▶ [Your task]: While you copy the lines below, skip the pictures and keep the rest exact.

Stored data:
---
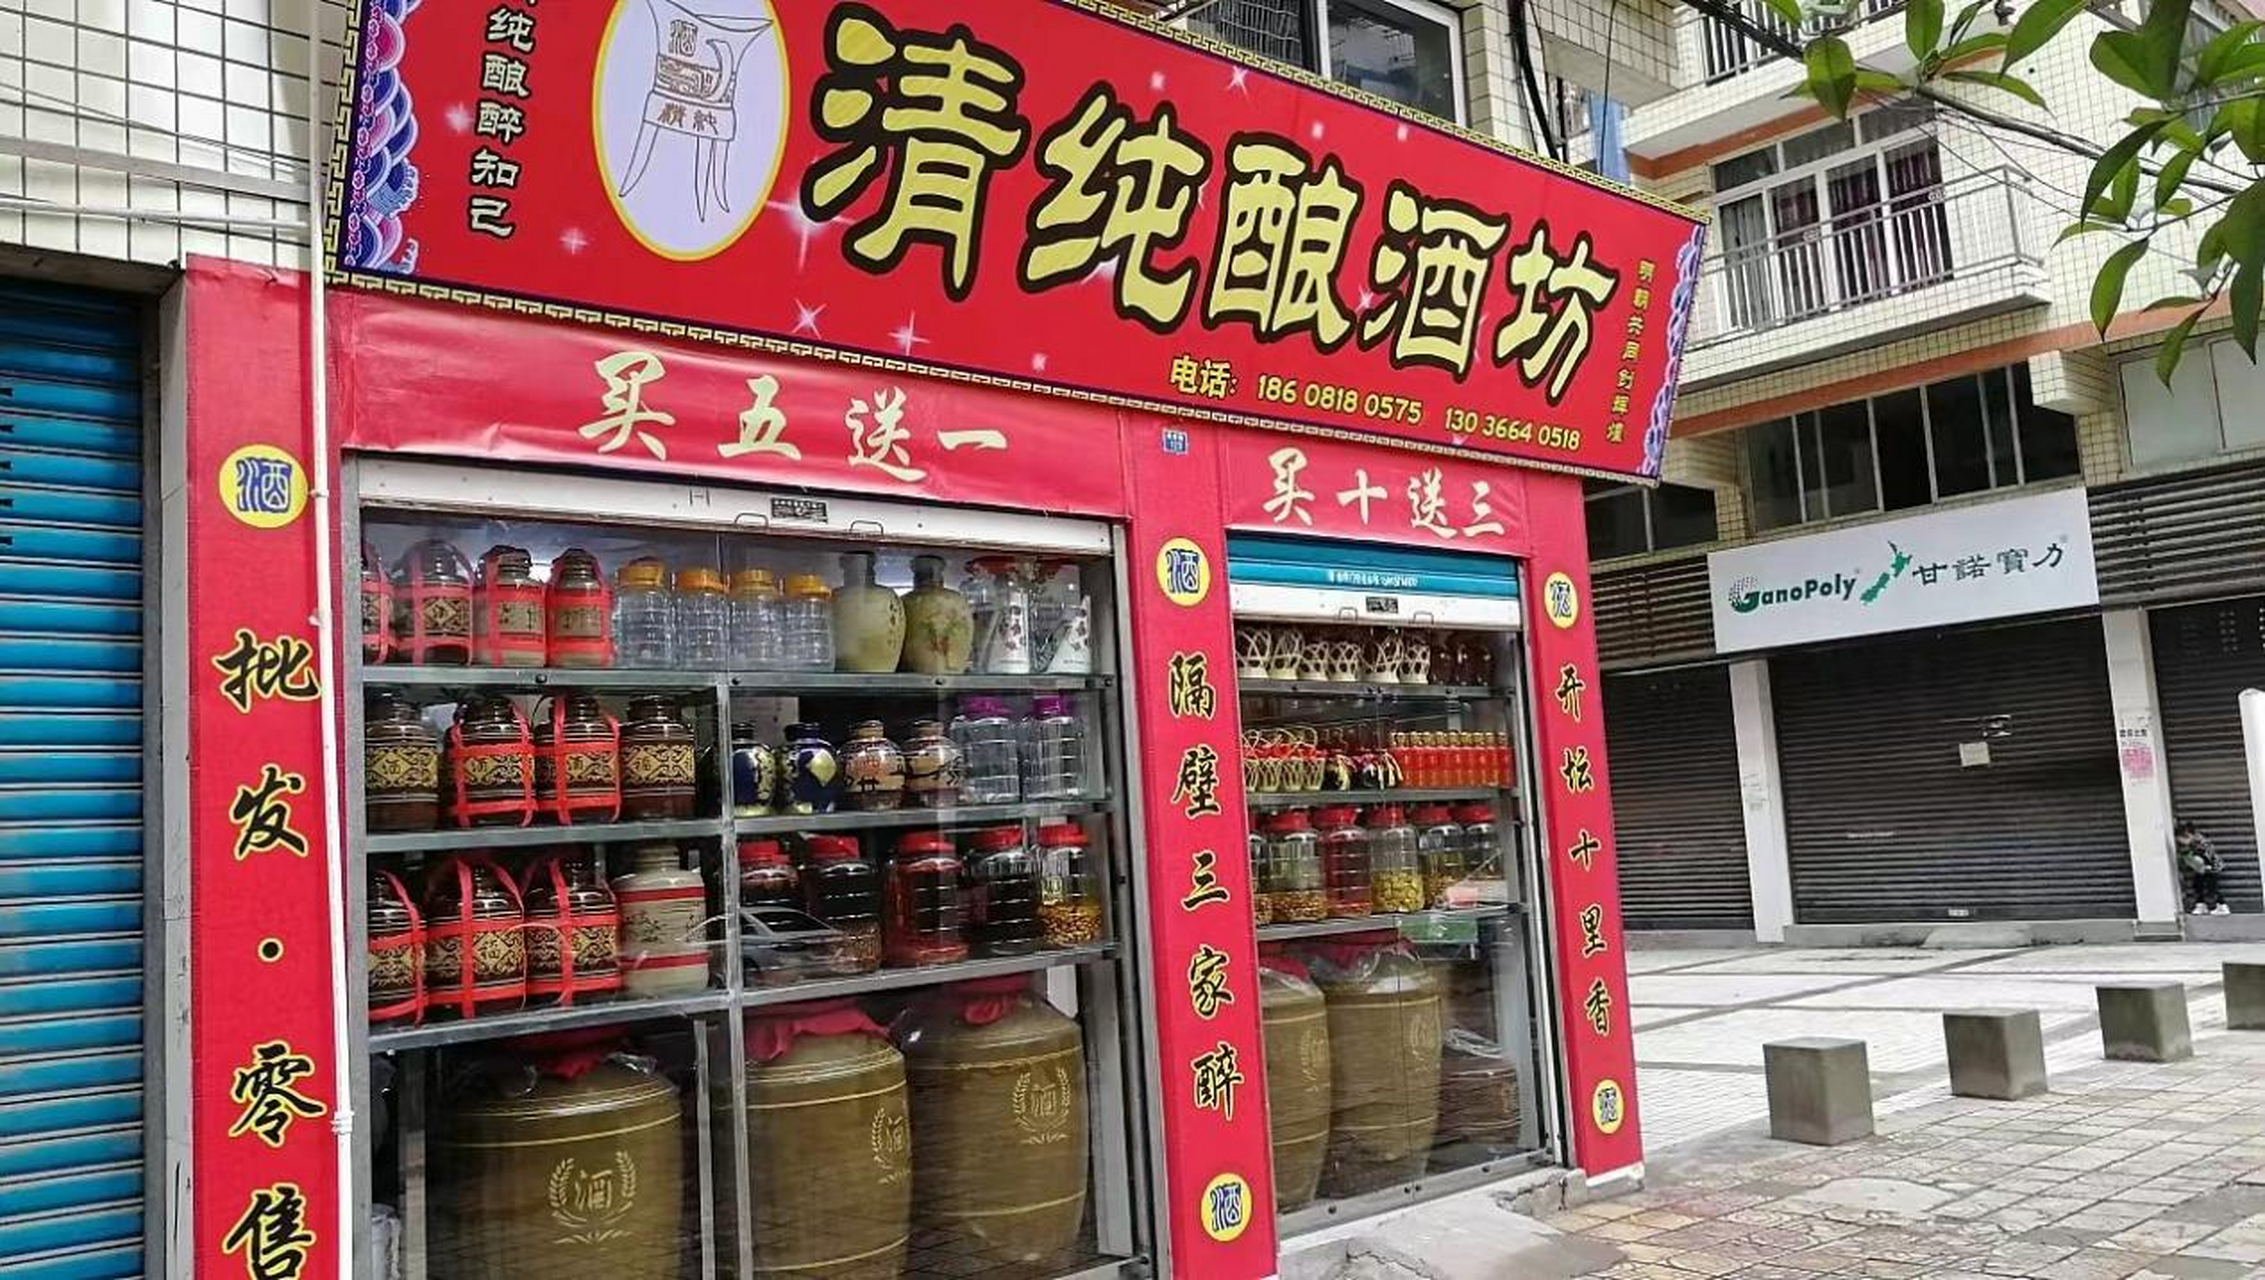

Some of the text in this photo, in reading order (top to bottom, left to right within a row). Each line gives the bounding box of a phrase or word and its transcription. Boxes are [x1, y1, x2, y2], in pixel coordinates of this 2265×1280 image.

[471, 0, 534, 237] 纯酿醉知己
[804, 3, 1618, 404] 清纯酿酒坊
[577, 350, 1008, 484] 买五送一
[1256, 376, 1298, 406] 186
[1303, 383, 1359, 414] 0818
[1364, 394, 1424, 427] 0575
[1443, 407, 1478, 434] 130
[1482, 415, 1533, 443] 3664
[1537, 422, 1581, 451] 0518
[1261, 446, 1506, 541] 买十送三
[1167, 651, 1245, 1121] 隔壁三家醉
[1555, 662, 1613, 1037] 开坛十里香
[574, 1169, 613, 1211] 酒
---
▶ [Task solution]:
Some of the text in this photo, in reading order (top to bottom, left to right within a row). Each line gives the bounding box of a phrase or word and its transcription. Boxes are [x1, y1, x2, y2], in pixel coordinates of this 2265×1280 image.

[471, 0, 534, 237] 纯酿醉知己
[804, 3, 1618, 404] 清纯酿酒坊
[577, 350, 1008, 484] 买五送一
[1256, 376, 1298, 406] 186
[1303, 383, 1359, 414] 0818
[1364, 394, 1424, 427] 0575
[1443, 407, 1478, 434] 130
[1482, 415, 1533, 443] 3664
[1537, 422, 1581, 451] 0518
[1261, 446, 1506, 541] 买十送三
[1167, 651, 1245, 1121] 隔壁三家醉
[1555, 662, 1613, 1037] 开坛十里香
[574, 1169, 613, 1211] 酒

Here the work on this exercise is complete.